(Records from a data source)
◇ ◇ ◇ ◇ ◇

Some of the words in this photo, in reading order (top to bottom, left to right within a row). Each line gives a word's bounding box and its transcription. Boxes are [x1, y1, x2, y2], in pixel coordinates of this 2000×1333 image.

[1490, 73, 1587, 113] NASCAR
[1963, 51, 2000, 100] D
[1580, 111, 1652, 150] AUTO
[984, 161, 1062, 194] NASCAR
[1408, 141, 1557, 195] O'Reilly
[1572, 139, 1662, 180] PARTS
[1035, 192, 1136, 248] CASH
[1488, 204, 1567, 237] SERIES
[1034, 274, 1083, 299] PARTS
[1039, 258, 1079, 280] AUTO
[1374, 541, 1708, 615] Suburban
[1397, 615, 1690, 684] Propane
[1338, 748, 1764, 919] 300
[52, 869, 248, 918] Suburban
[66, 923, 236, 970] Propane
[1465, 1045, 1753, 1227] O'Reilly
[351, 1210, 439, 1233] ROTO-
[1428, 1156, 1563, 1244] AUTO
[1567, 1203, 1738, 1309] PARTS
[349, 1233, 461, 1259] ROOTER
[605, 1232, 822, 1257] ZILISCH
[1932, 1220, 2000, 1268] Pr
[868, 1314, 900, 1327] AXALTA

◇ ◇ ◇ ◇ ◇

## WORK TO BE COMPLETED
Transcribe every entry exactly as it reads.

## SOLUTION BELOW
Some of the words in this photo, in reading order (top to bottom, left to right within a row). Each line gives a word's bounding box and its transcription. Boxes are [x1, y1, x2, y2], in pixel coordinates of this 2000×1333 image.

[1490, 73, 1587, 113] NASCAR
[1963, 51, 2000, 100] D
[1580, 111, 1652, 150] AUTO
[984, 161, 1062, 194] NASCAR
[1408, 141, 1557, 195] O'Reilly
[1572, 139, 1662, 180] PARTS
[1035, 192, 1136, 248] CASH
[1488, 204, 1567, 237] SERIES
[1034, 274, 1083, 299] PARTS
[1039, 258, 1079, 280] AUTO
[1374, 541, 1708, 615] Suburban
[1397, 615, 1690, 684] Propane
[1338, 748, 1764, 919] 300
[52, 869, 248, 918] Suburban
[66, 923, 236, 970] Propane
[1465, 1045, 1753, 1227] O'Reilly
[351, 1210, 439, 1233] ROTO-
[1428, 1156, 1563, 1244] AUTO
[1567, 1203, 1738, 1309] PARTS
[349, 1233, 461, 1259] ROOTER
[605, 1232, 822, 1257] ZILISCH
[1932, 1220, 2000, 1268] Pr
[868, 1314, 900, 1327] AXALTA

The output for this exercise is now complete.